## [Task requirements]
Starting at the line that holds "this 1344×1512 image.", quote every line through the end of the records, both boundary lines included. Omit the pictures.
○ ○ ○
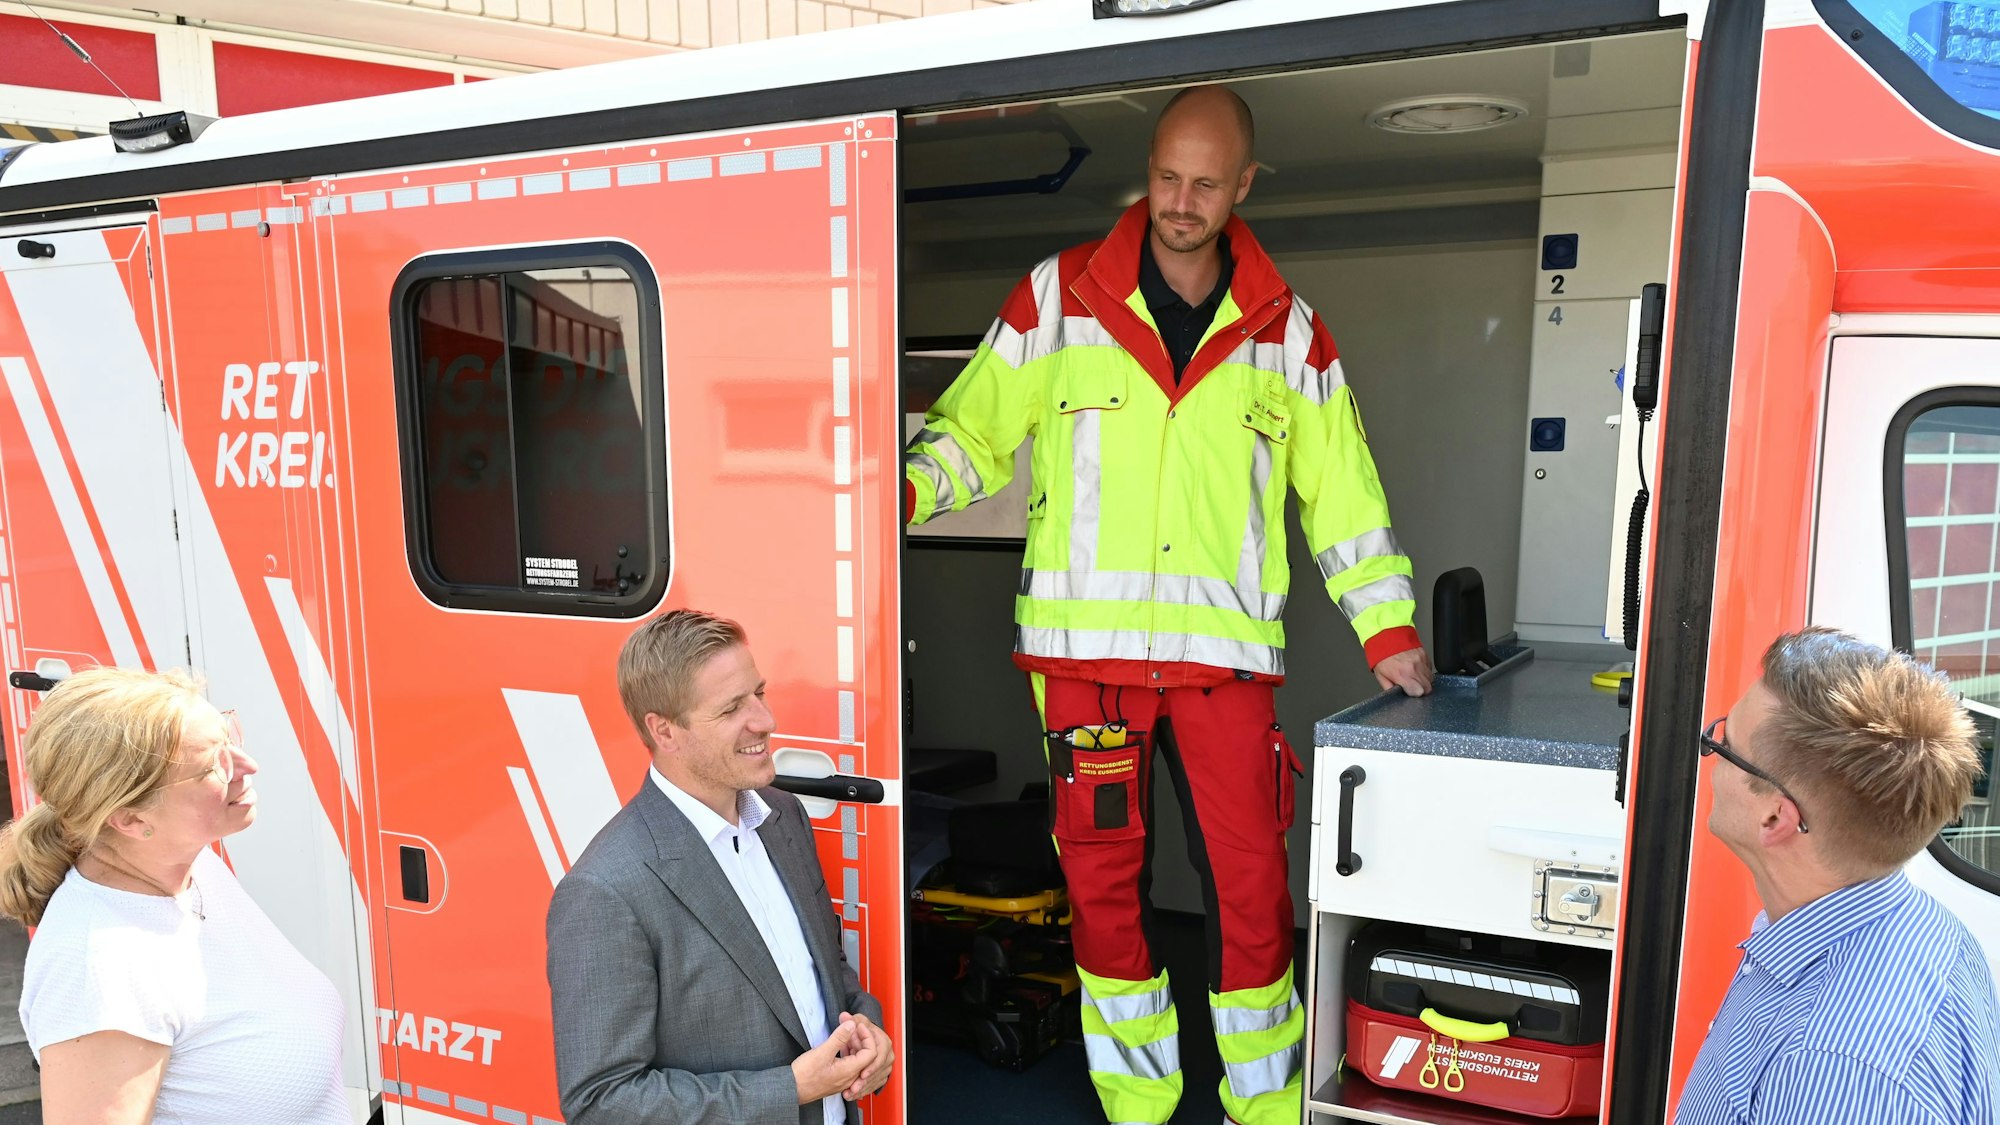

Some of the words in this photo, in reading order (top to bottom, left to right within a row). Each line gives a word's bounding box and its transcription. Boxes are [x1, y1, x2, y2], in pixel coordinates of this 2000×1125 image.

[1551, 275, 1564, 294] 2
[1548, 306, 1563, 326] 4
[221, 361, 324, 420] RET
[525, 557, 550, 568] SYSTEM
[551, 558, 578, 570] STROBEL
[1079, 759, 1133, 769] RETTUNGSDIENST
[1098, 766, 1134, 775] EUSKIRCHEN
[1504, 1057, 1540, 1072] KREIS
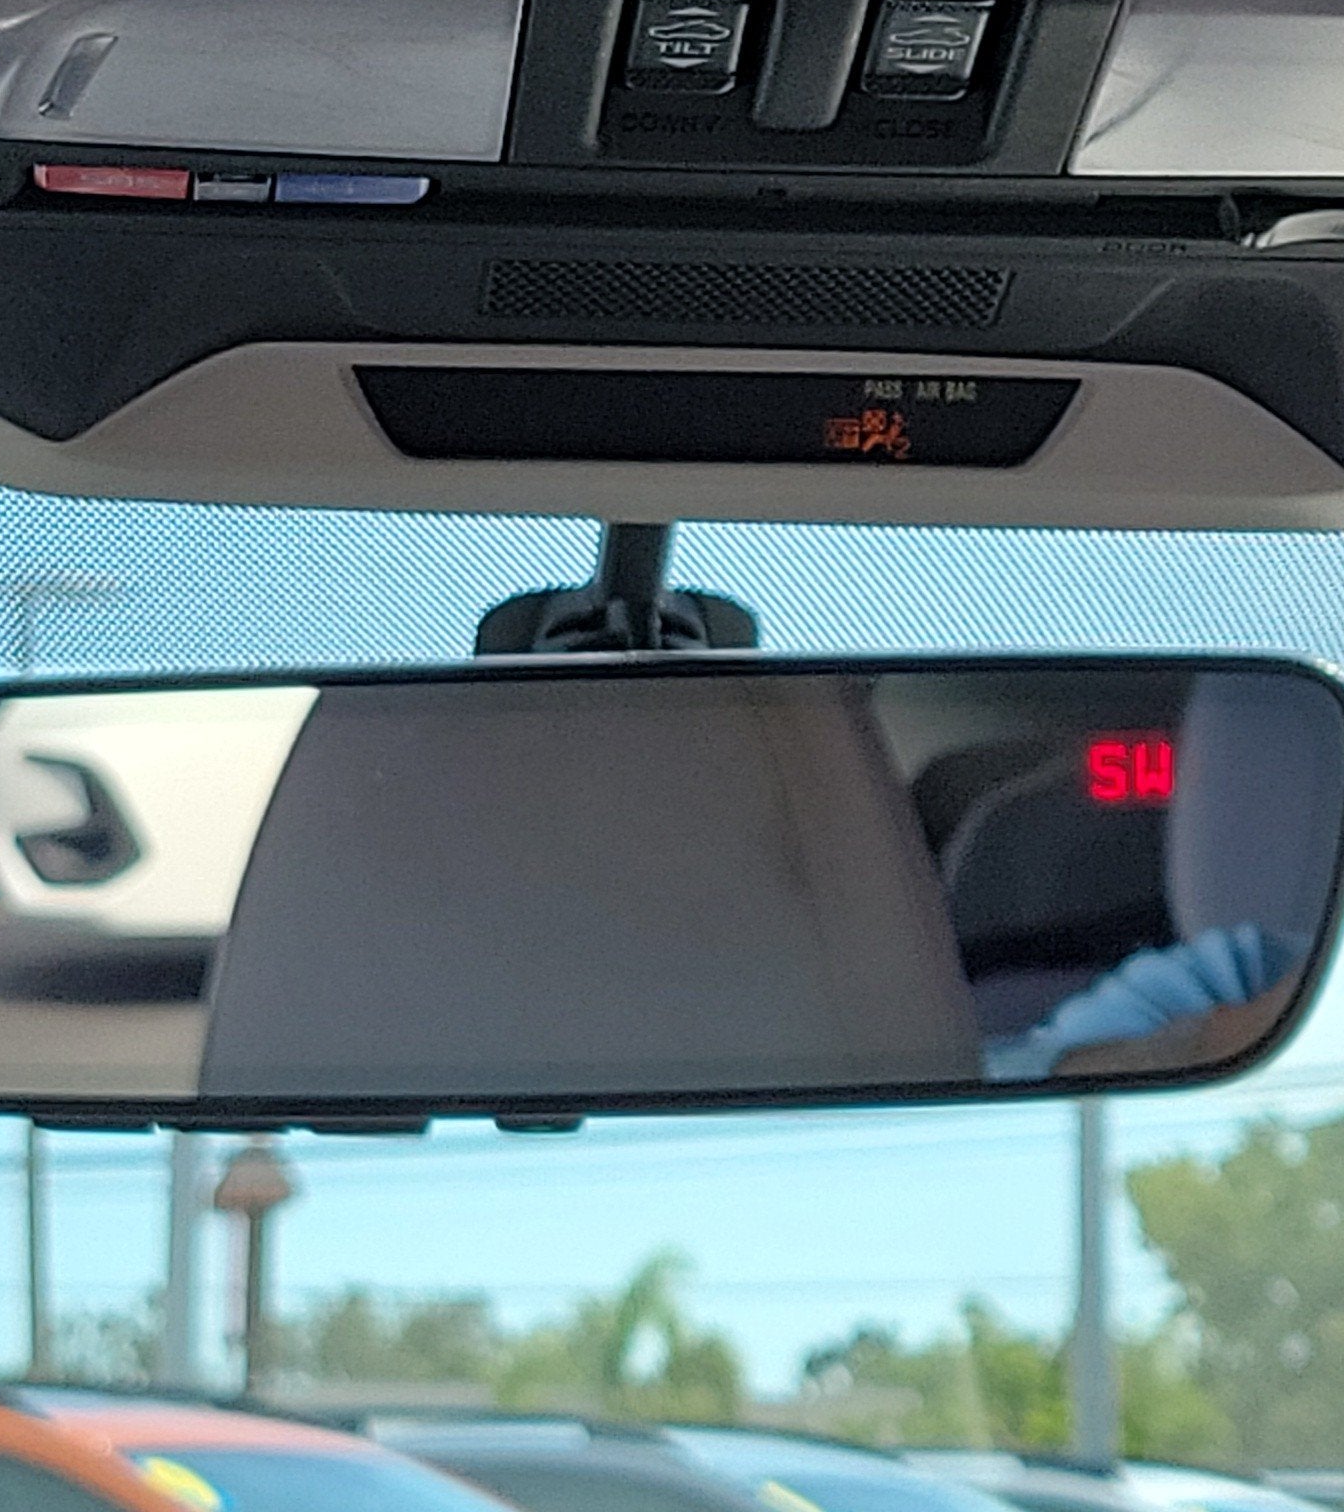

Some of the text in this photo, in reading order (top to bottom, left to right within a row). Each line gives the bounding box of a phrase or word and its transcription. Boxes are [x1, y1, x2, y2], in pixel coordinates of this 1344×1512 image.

[655, 41, 719, 54] TILT
[885, 47, 965, 61] SLIDE
[1088, 740, 1173, 801] SW
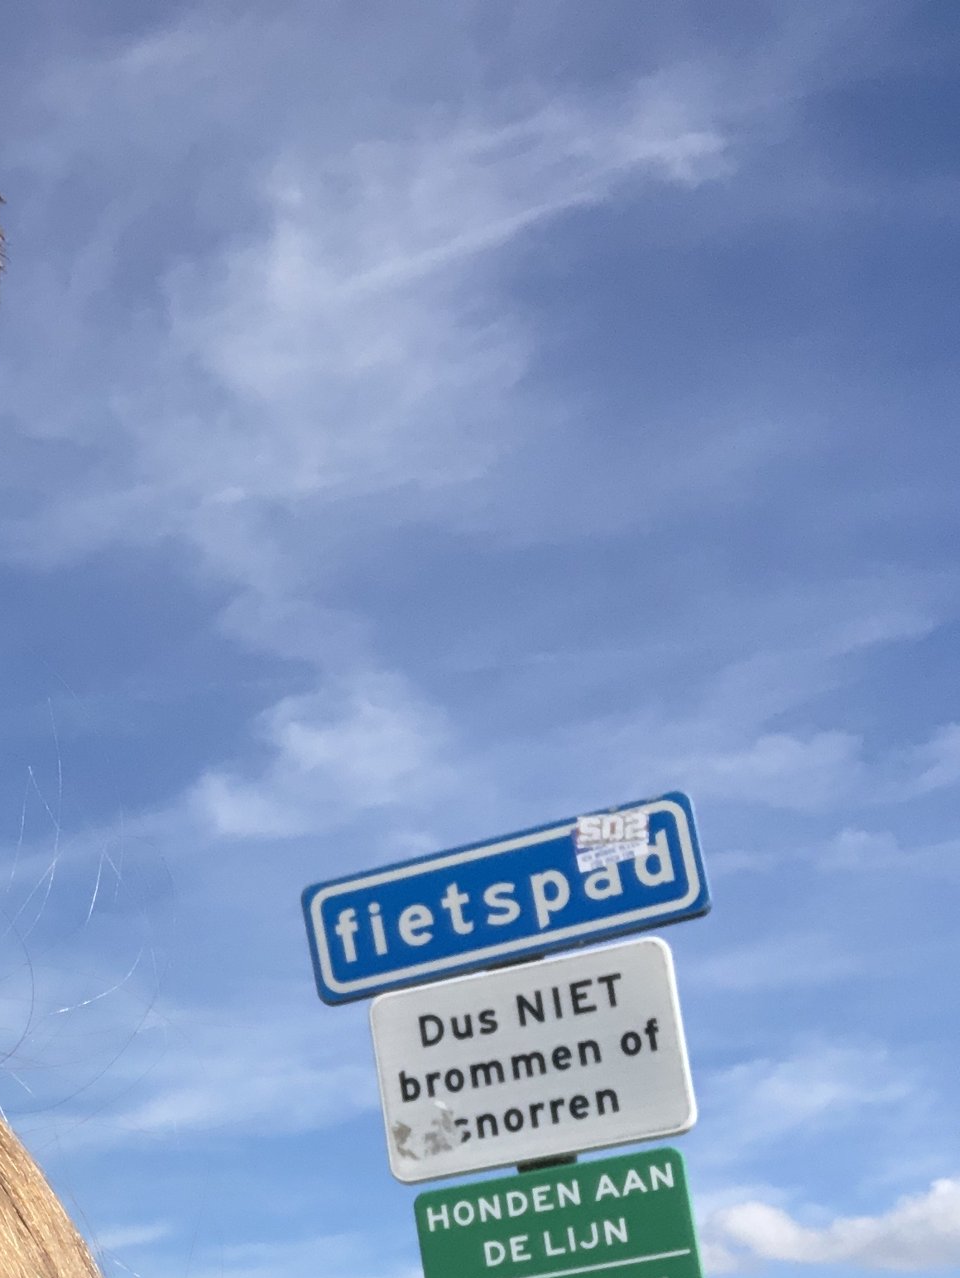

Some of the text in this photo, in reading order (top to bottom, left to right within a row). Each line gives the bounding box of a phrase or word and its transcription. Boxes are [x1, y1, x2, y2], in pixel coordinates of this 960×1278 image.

[335, 829, 677, 964] fietspad
[418, 972, 622, 1048] Dus NIET
[398, 1017, 660, 1103] brommen of
[426, 1162, 675, 1232] HONDEN AAN
[483, 1217, 628, 1267] DE LIJN
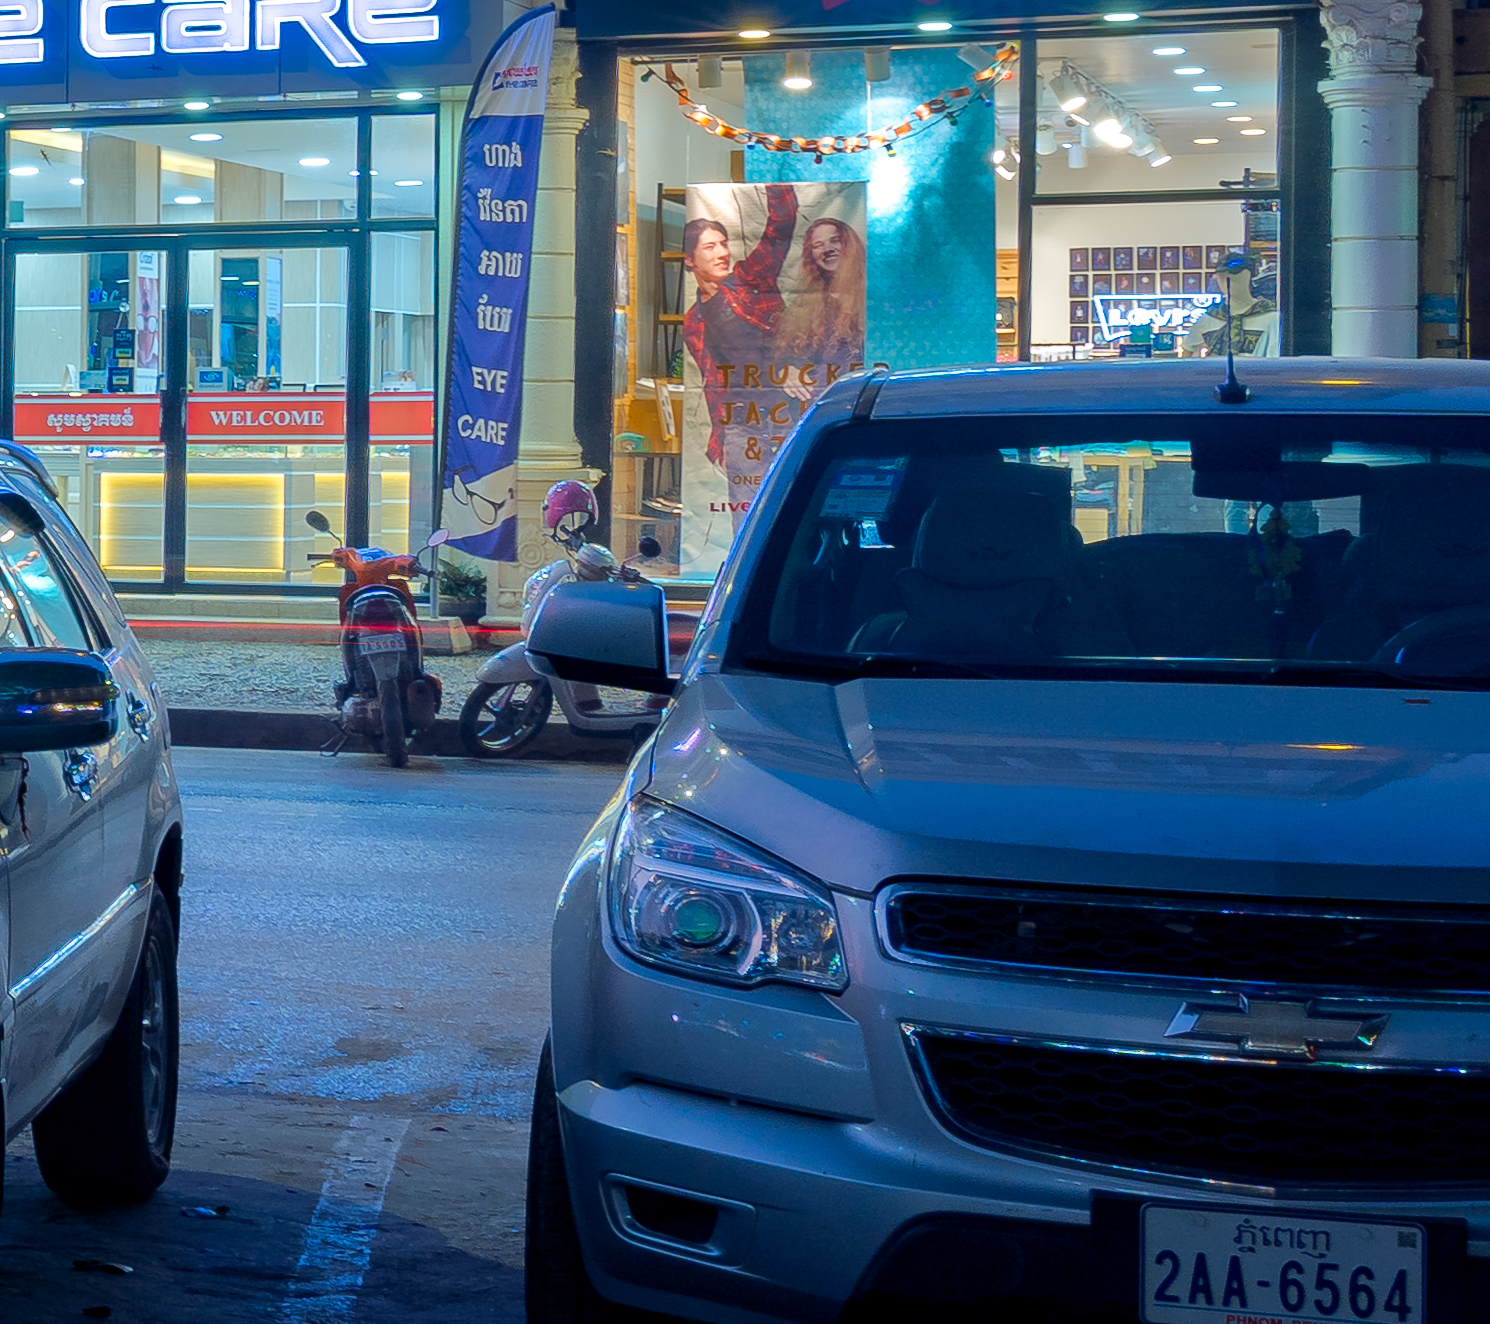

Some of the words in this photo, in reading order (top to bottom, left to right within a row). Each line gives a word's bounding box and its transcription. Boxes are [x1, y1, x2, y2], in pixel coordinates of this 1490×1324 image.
○ ○ ○
## [Written answer]
Some of the text in this photo, in reading order (top to bottom, left to right within a row). Each line gives the bounding box of a phrase or word and its transcription. Boxes are [x1, y1, x2, y2], in pixel coordinates of this 1344×1512 image.

[655, 41, 719, 54] TILT
[885, 47, 965, 61] SLIDE
[1088, 740, 1173, 801] SW

Some of the text in this photo, in reading order (top to bottom, left to right within a row). Each line gives the bounding box of a phrase or word and its transcription. Boxes are [x1, y1, x2, y2], in pixel coordinates of this 960×1278 image.

[335, 829, 677, 964] fietspad
[418, 972, 622, 1048] Dus NIET
[398, 1017, 660, 1103] brommen of
[426, 1162, 675, 1232] HONDEN AAN
[483, 1217, 628, 1267] DE LIJN

Some of the words in this photo, in reading order (top to bottom, left to right within a row). Each line gives a word's bounding box and its transcription. Boxes are [x1, y1, x2, y2], in pixel coordinates of this 1490×1324 image.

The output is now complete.